Excerpts from a dataset:
+++

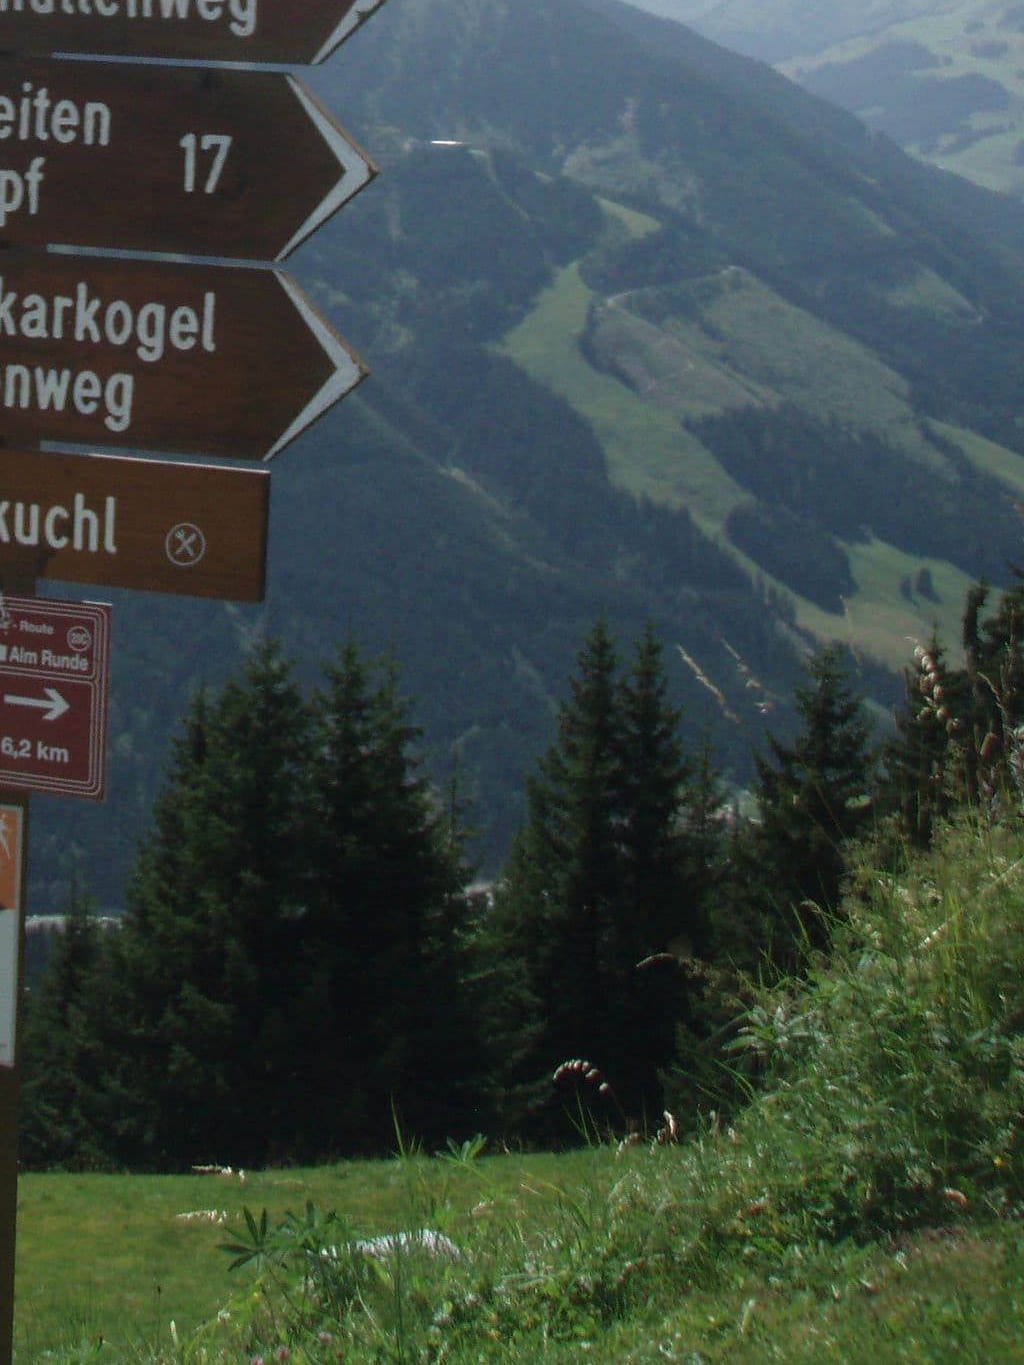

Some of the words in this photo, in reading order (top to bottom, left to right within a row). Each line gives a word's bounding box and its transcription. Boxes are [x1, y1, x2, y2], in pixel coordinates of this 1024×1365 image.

[180, 134, 232, 194] 17
[19, 619, 54, 636] Route
[9, 645, 38, 665] Alm
[41, 651, 89, 671] Runde
[0, 736, 32, 761] 6,2
[37, 740, 70, 764] km

+++

### THE TASK
All of the lines above must be printed again exactly, and no picture may appear in the copy.

### SOLUTION TO THIS EXERCISE
Some of the words in this photo, in reading order (top to bottom, left to right within a row). Each line gives a word's bounding box and its transcription. Boxes are [x1, y1, x2, y2], in pixel coordinates of this 1024×1365 image.

[180, 134, 232, 194] 17
[19, 619, 54, 636] Route
[9, 645, 38, 665] Alm
[41, 651, 89, 671] Runde
[0, 736, 32, 761] 6,2
[37, 740, 70, 764] km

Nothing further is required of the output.